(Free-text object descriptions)
--- START ---

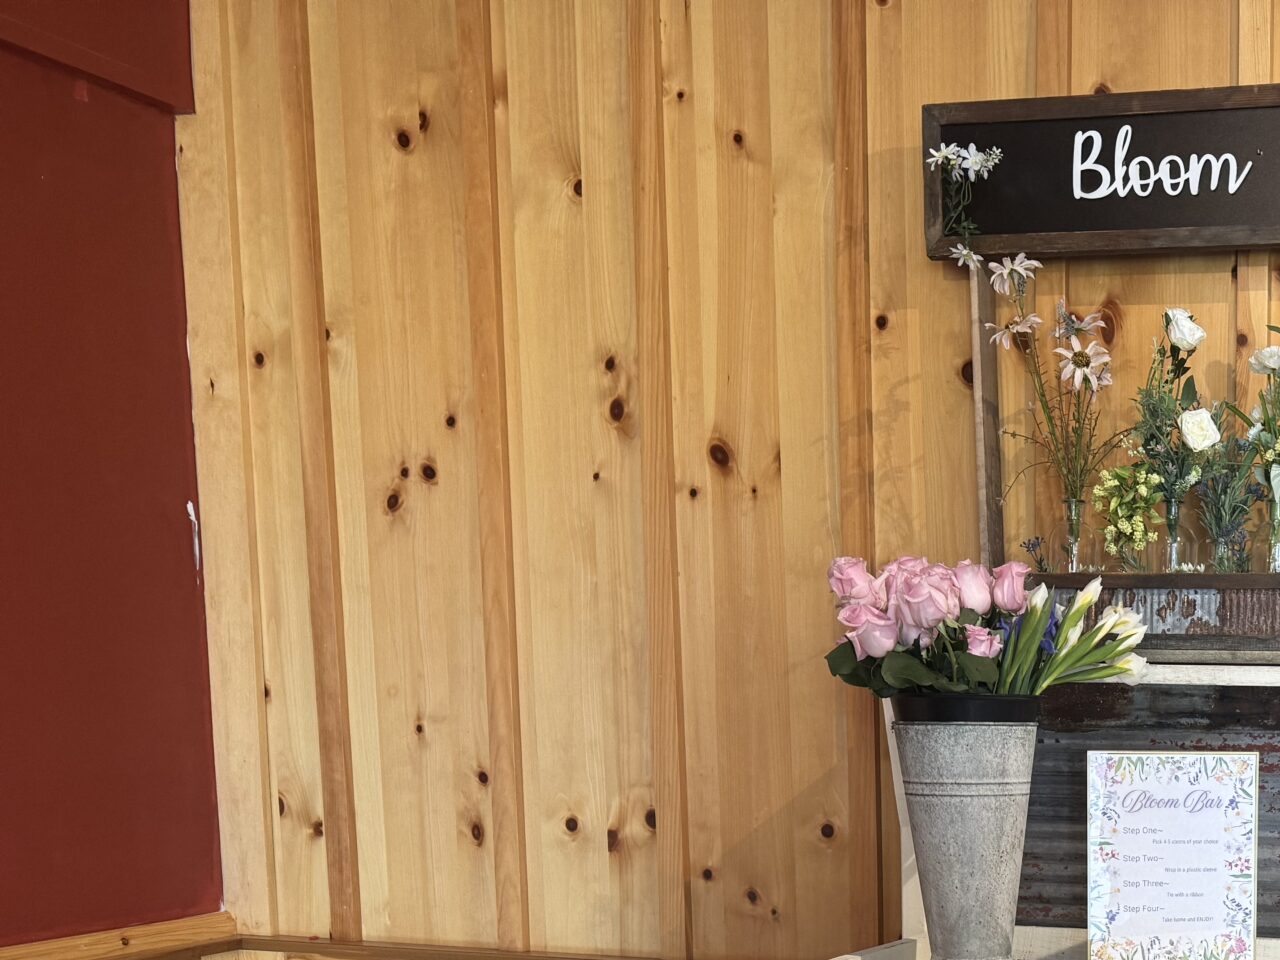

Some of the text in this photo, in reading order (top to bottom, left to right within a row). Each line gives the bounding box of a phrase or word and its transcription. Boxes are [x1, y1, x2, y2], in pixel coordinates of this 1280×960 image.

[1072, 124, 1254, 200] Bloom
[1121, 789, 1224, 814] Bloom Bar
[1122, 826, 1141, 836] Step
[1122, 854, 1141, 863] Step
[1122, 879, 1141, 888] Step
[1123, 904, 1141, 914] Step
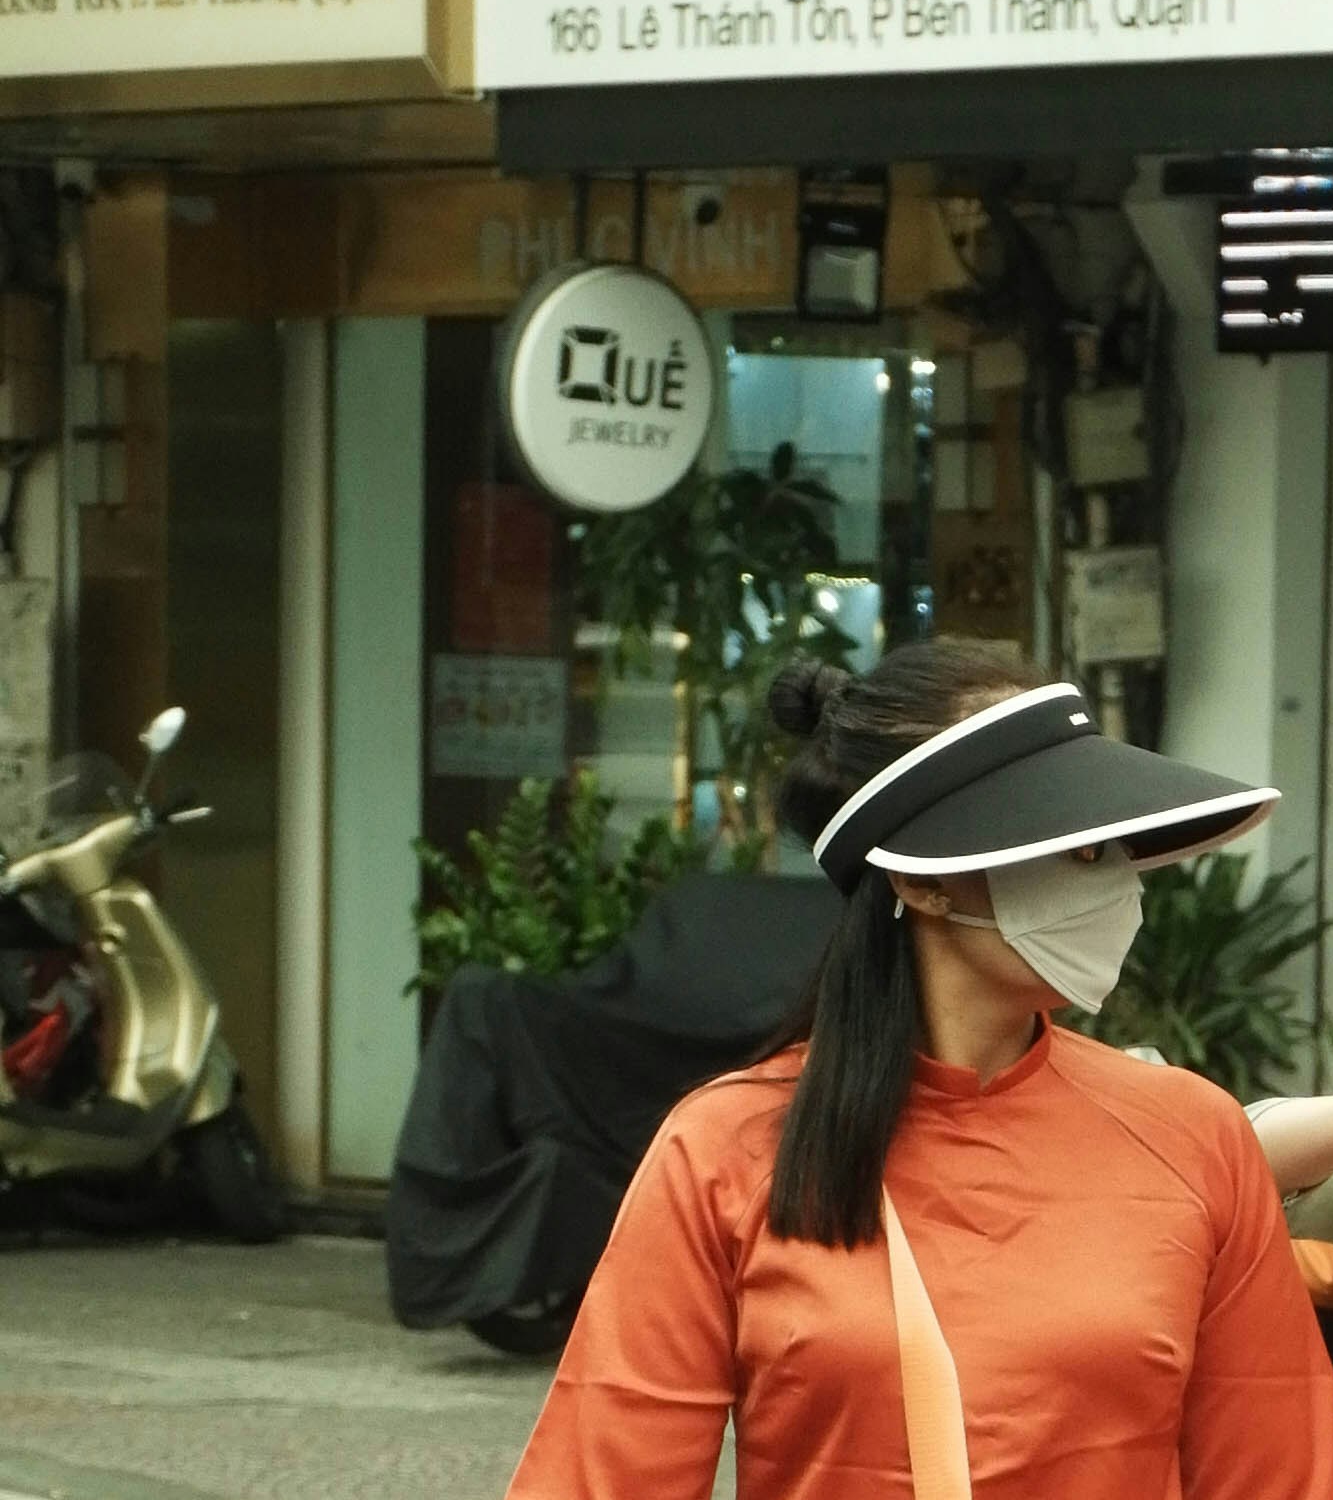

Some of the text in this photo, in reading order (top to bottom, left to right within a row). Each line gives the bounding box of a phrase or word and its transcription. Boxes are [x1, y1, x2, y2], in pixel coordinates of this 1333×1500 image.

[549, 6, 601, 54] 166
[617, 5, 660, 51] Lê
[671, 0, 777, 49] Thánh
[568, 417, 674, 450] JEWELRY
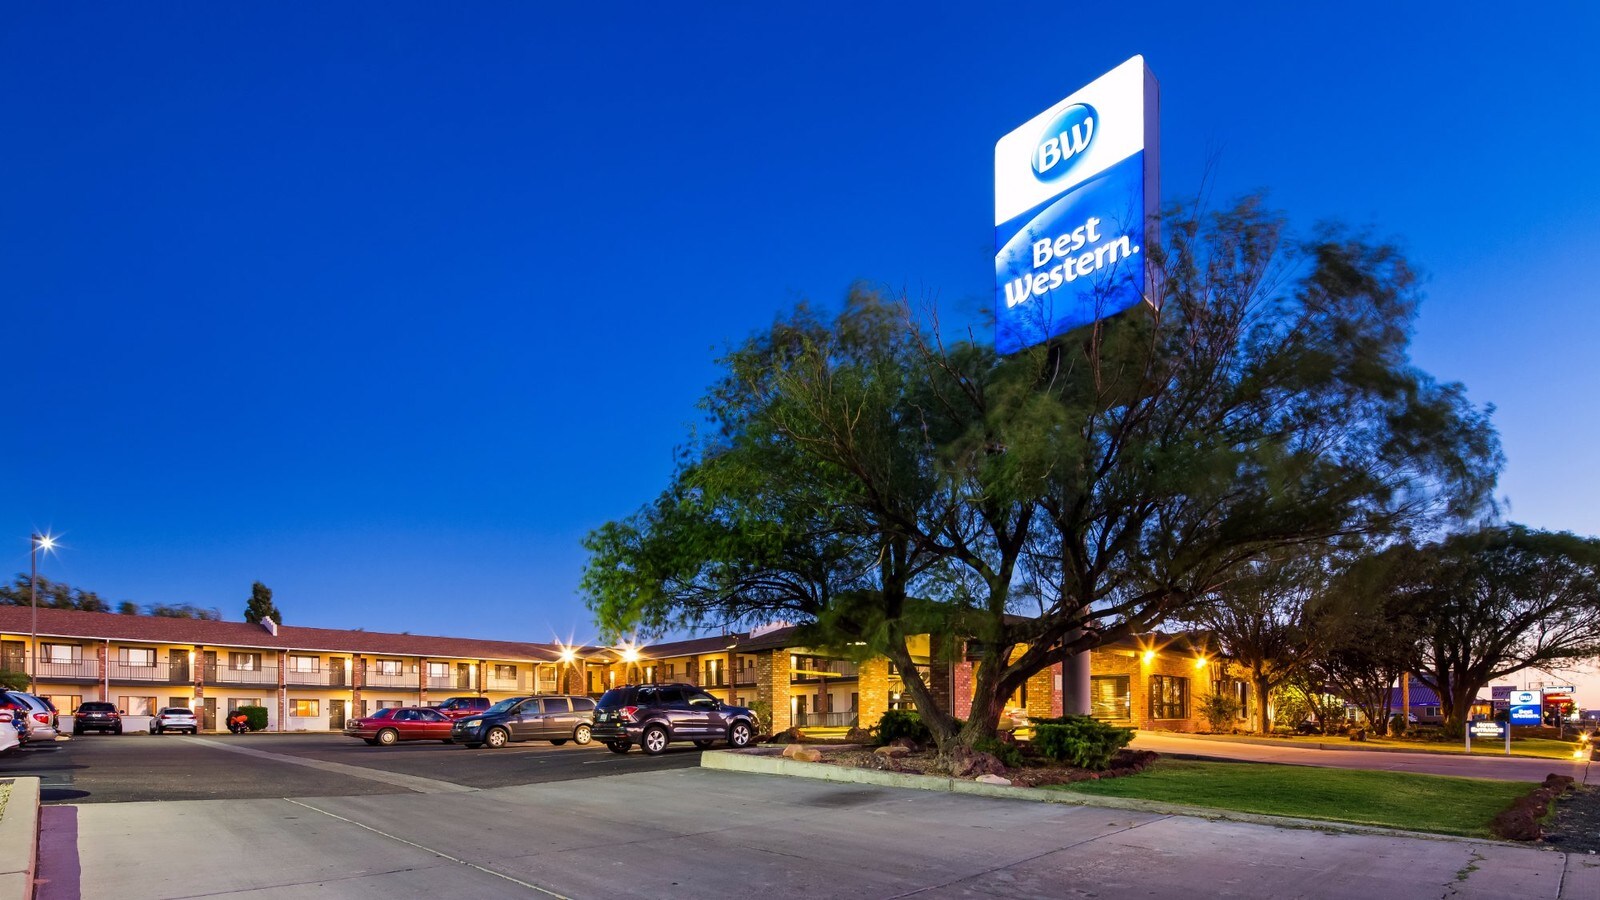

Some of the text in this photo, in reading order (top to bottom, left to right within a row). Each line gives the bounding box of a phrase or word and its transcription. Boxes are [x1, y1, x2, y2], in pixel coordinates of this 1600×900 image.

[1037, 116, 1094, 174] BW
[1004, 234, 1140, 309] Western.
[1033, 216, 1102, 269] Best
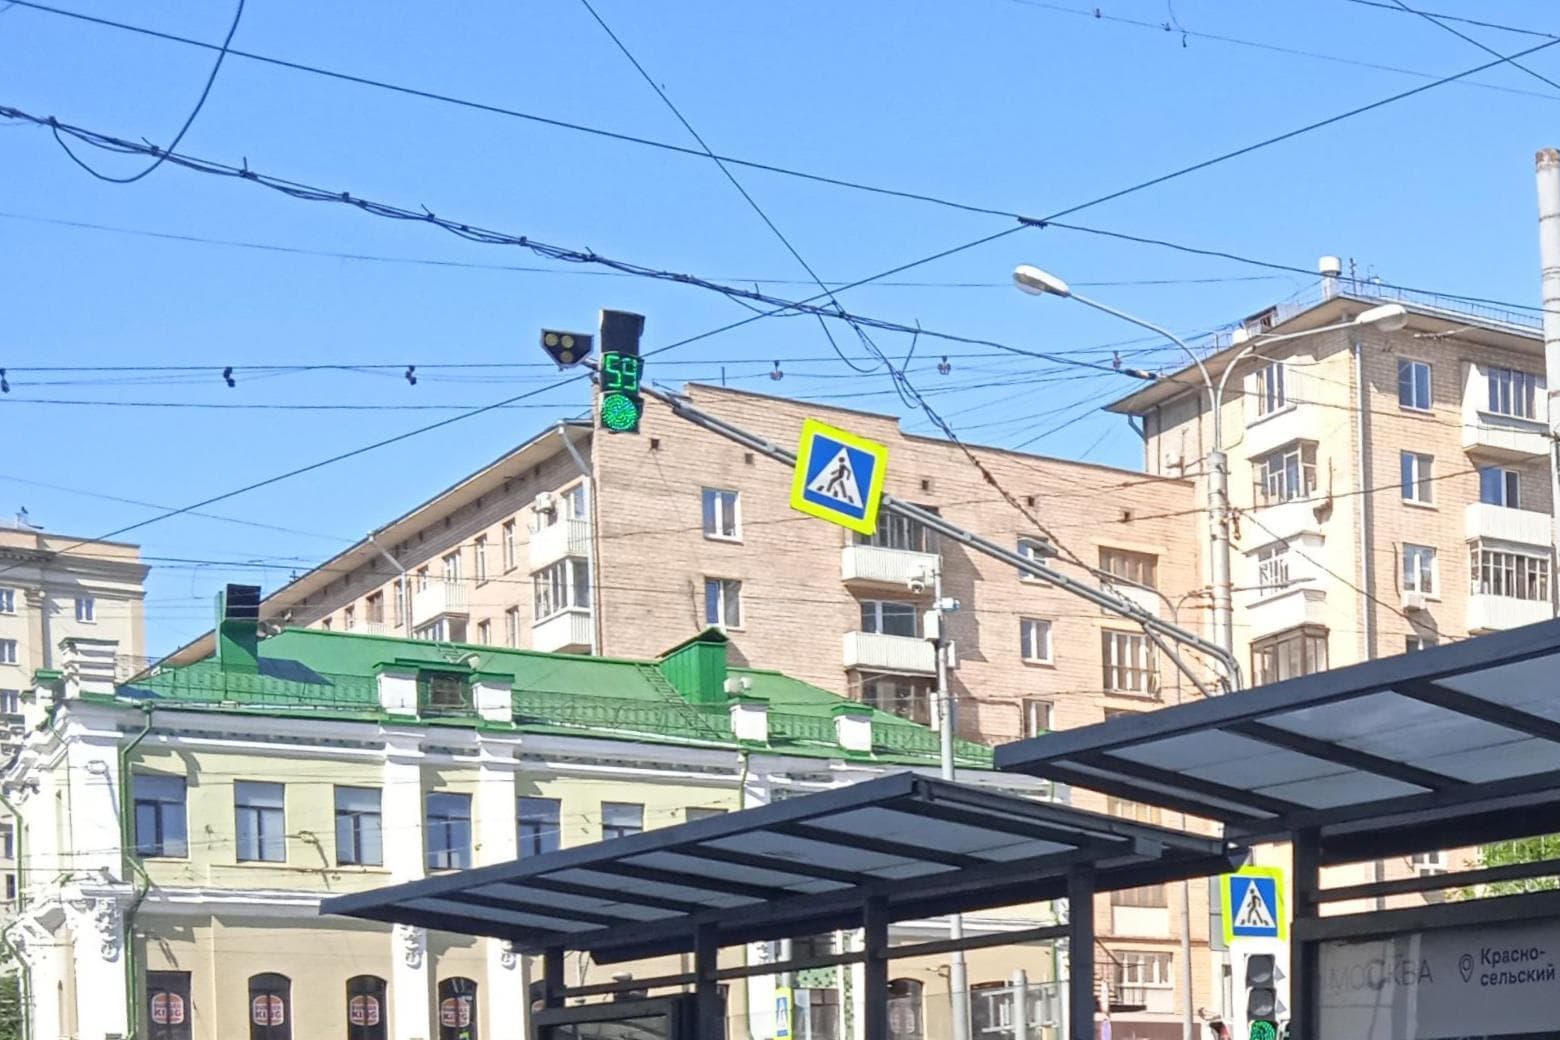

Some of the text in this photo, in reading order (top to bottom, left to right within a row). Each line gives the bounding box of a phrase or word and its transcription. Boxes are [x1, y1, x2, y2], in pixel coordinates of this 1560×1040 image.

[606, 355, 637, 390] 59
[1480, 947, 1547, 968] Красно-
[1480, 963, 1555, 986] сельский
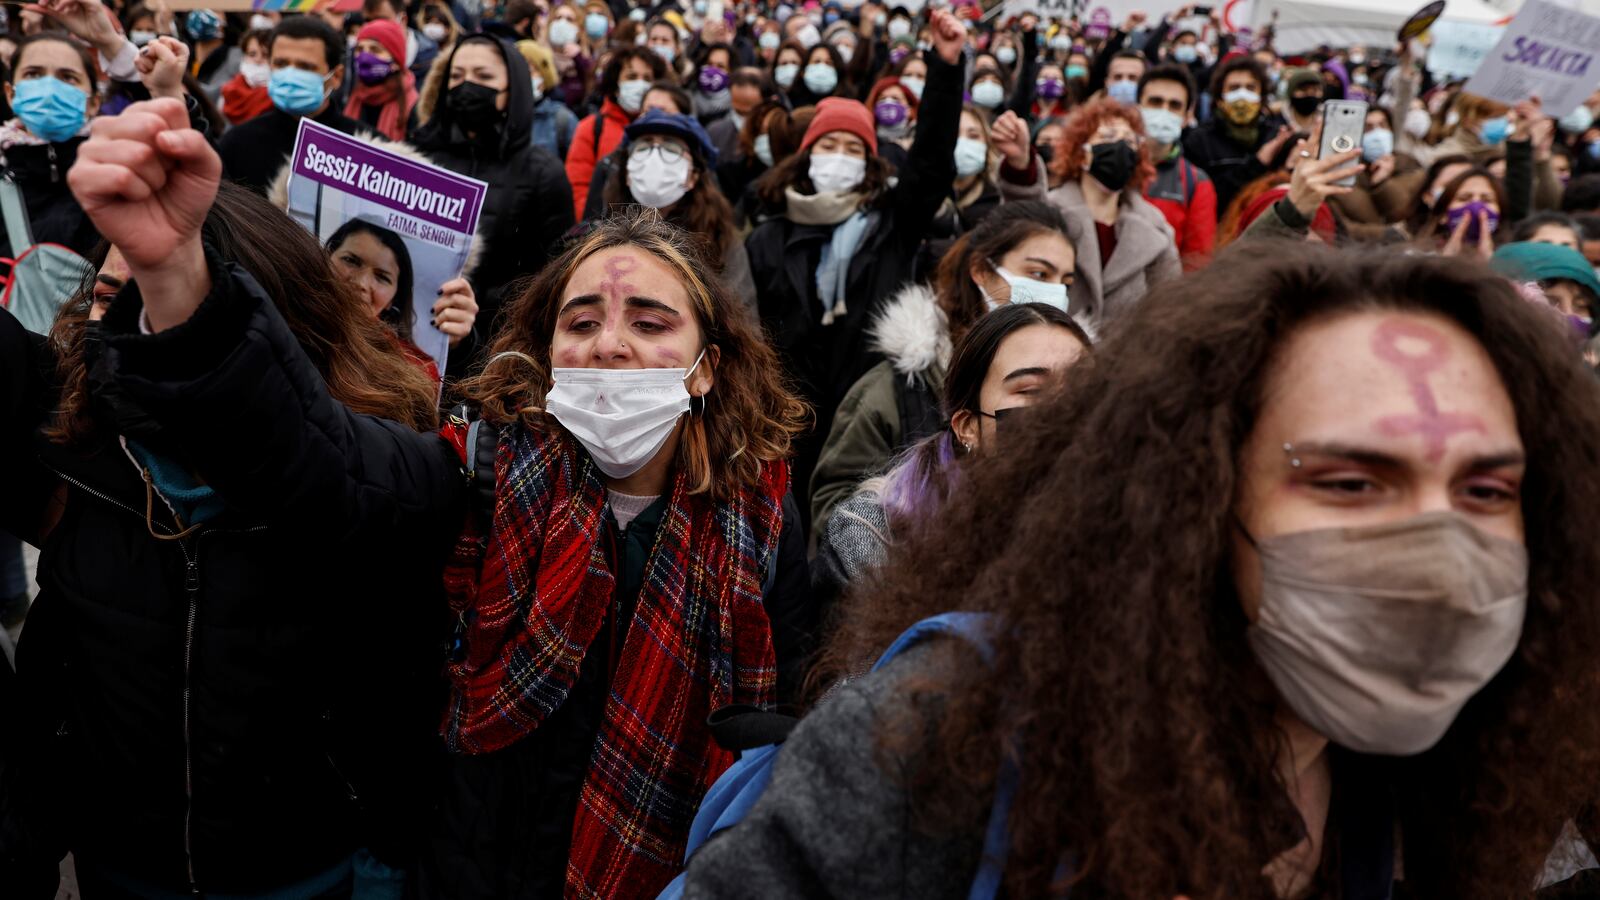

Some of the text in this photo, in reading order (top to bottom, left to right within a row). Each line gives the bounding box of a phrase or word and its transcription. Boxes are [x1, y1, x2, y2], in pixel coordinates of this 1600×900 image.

--- END ---

(What is being asked)
Give the data above again exactly. Leave the pictures out.

(Completed exercise)
Some of the text in this photo, in reading order (top to bottom, left to right within a row). Each line gives the bounding box of a phrase or word and its transcription. Boxes are [x1, y1, x2, y2], in pixel coordinates of this 1280×960 image.

[1072, 124, 1254, 200] Bloom
[1121, 789, 1224, 814] Bloom Bar
[1122, 826, 1141, 836] Step
[1122, 854, 1141, 863] Step
[1122, 879, 1141, 888] Step
[1123, 904, 1141, 914] Step

Some of the text in this photo, in reading order (top to bottom, left to right within a row). Each line gives the bounding box of a phrase or word and its transcription. Boxes are [x1, y1, x2, y2], in pixel coordinates of this 1333×1500 image.

[549, 6, 601, 54] 166
[617, 5, 660, 51] Lê
[671, 0, 777, 49] Thánh
[568, 417, 674, 450] JEWELRY

Some of the text in this photo, in reading order (top to bottom, left to right within a row). Each line gives the bounding box of a phrase or word and its transcription. Boxes are [x1, y1, x2, y2], in pixel coordinates of this 1600×900 image.

[1037, 116, 1094, 174] BW
[1004, 234, 1140, 309] Western.
[1033, 216, 1102, 269] Best

Some of the text in this photo, in reading order (top to bottom, left to right within a row). Each line gives the bounding box of a phrase or word and its transcription. Boxes are [x1, y1, x2, y2], in pixel coordinates of this 1560×1040 image.

[606, 355, 637, 390] 59
[1480, 947, 1547, 968] Красно-
[1480, 963, 1555, 986] сельский

Some of the text in this photo, in reading order (top to bottom, left to right within a row). Each line gives the bounding box of a phrase or word and its transcription. Boxes are [x1, y1, x2, y2], in pixel coordinates of this 1600×900 image.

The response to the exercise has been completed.